The Background to 1916
Explore the social, economic and cultural background to the Rising with a focus on the First World War, the Volunteers, the GAA, Sinn Féin and the IRB.
Ireland was in a relatively peaceful state during the first decade of the 20th Century. The campaign to end landlordism had been largely successful. The government policy of “killing Home Rule with kindness” appeared to be paying dividends.
New nationalist organisations emerge
At the same time, however, new organisations such as the Gaelic League, the Gaelic Athletic Association (GAA) and Sinn Féin, all infiltrated to some degree by the Irish Republican Brotherhood (IRB), were working to redefine the meaning of Irishness.
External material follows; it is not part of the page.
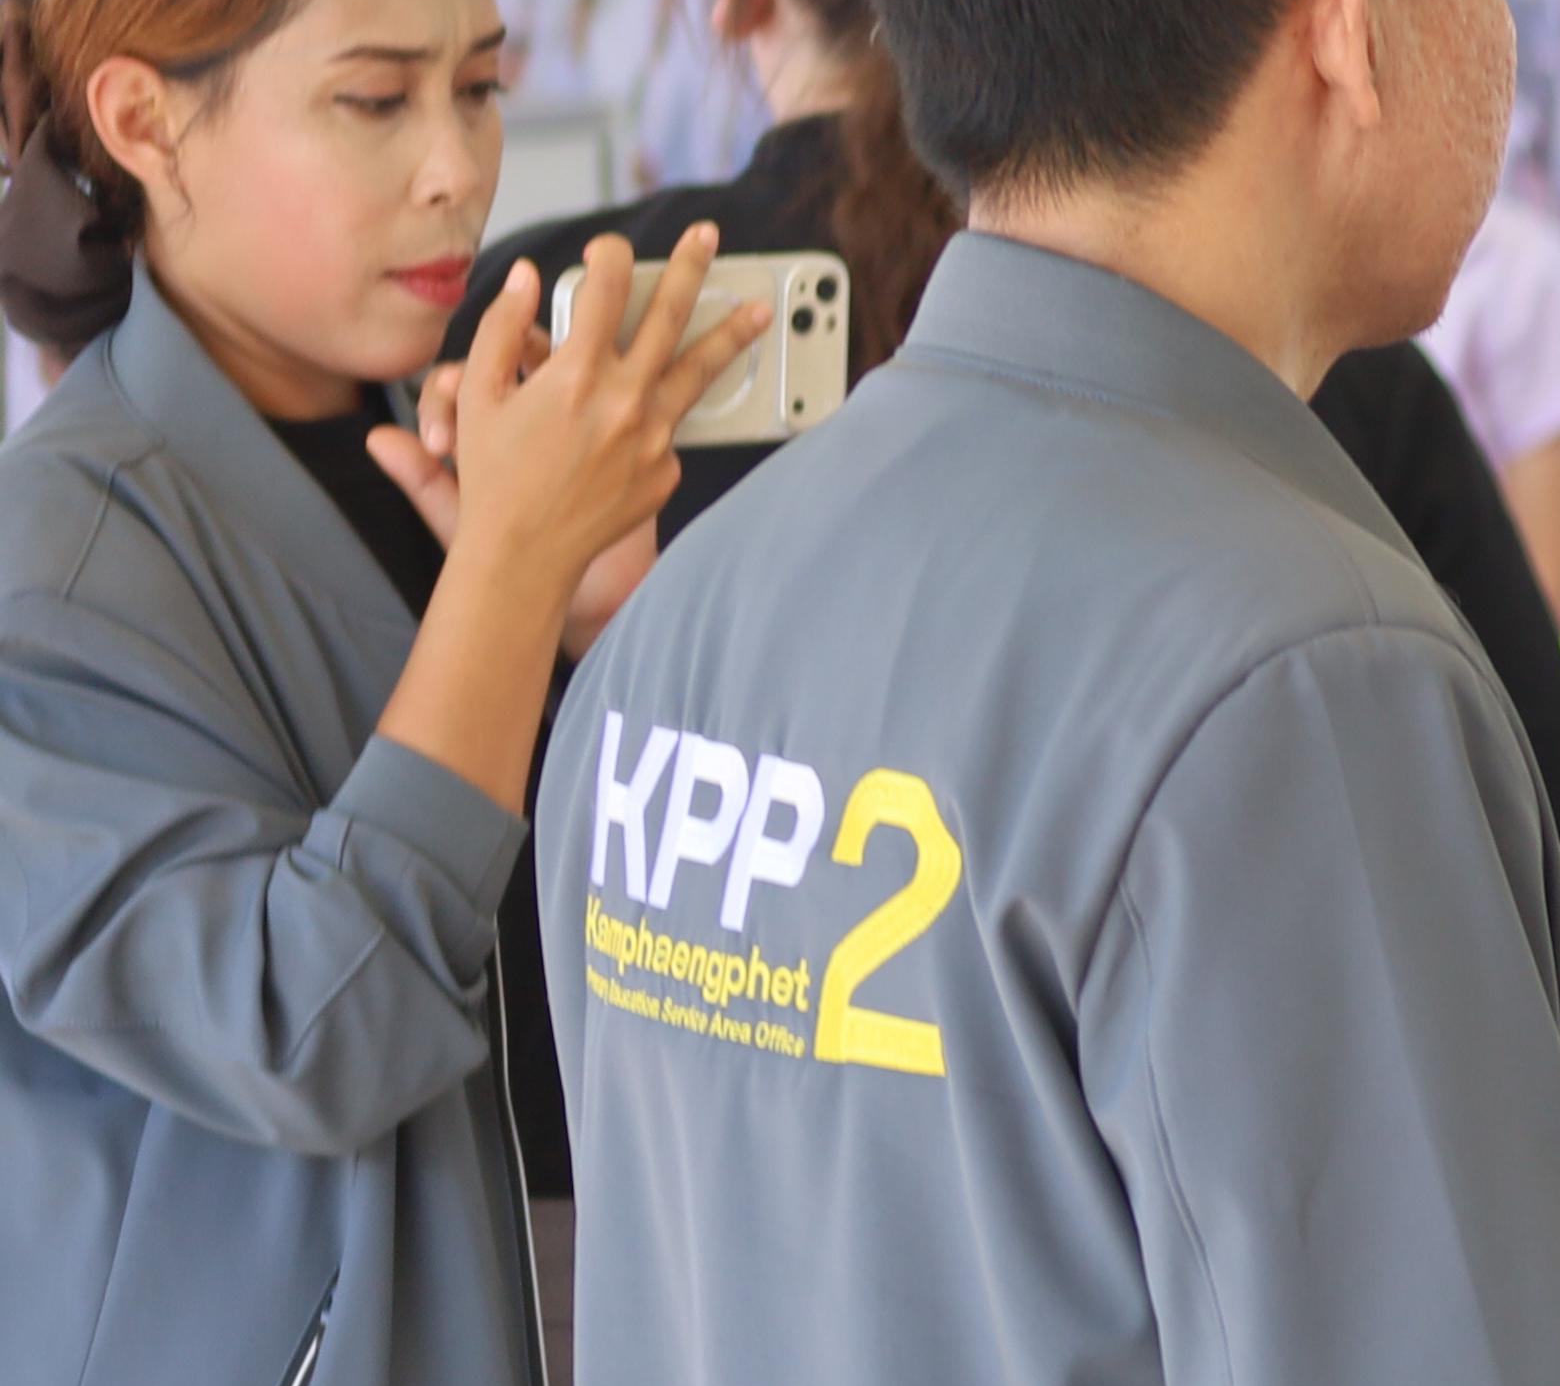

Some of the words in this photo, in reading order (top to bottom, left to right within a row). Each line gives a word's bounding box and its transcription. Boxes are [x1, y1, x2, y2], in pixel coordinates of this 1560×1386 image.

The growth of cultural and economic nationalism, together with the return of Home Rule to the political forefront, were to have a profound influence on Irish affairs.
The military background
The formation of the Ulster Volunteer Force in 1912, and of the Irish Volunteers the following year were accompanied by gun-running on both sides and general preparation for armed conflict. Very importantly, the formation of the Irish Volunteers provided the IRB with access to an open and legal military body. Another armed force, the Irish Citizen Army, had been formed in response to indiscriminate police baton charges on workers during the 1913 Strike and Lock-out. The Citizen Army would come to play an important part in the events of 1916.
World War I
The outbreak of World War I in June 1914 finally provided the opportunity for which a generation of Fenians had waited – a major international conflict. The Rising of 1916 was the culmination of 60 years’ ceaseless probing and planning, by a movement which had survived defeat, imprisonment, ridicule and religious censure.
Planning the Rising
Upon the outbreak of war, the IRB set about planning a rebellion. Contact was made with Germany, control over the Irish Volunteers was tightened and relations with the Citizen Army were improved. A promise of German arms was received, and in January 1916, the Supreme Council of the IRB fixed April 23rd as the date of the rising. This was later changed to the 24th, and plans were made to take delivery of the arms from Germany.
When the Volunteer chairman, Eoin MacNeill, discovered that rebellion was planned, he countermanded the mobilisation orders, changed his mind when told of the German arms, and changed it again when he heard of their capture. The Military Council of the IRB decided, however, to go ahead with the rebellion on Easter Monday, 24th April.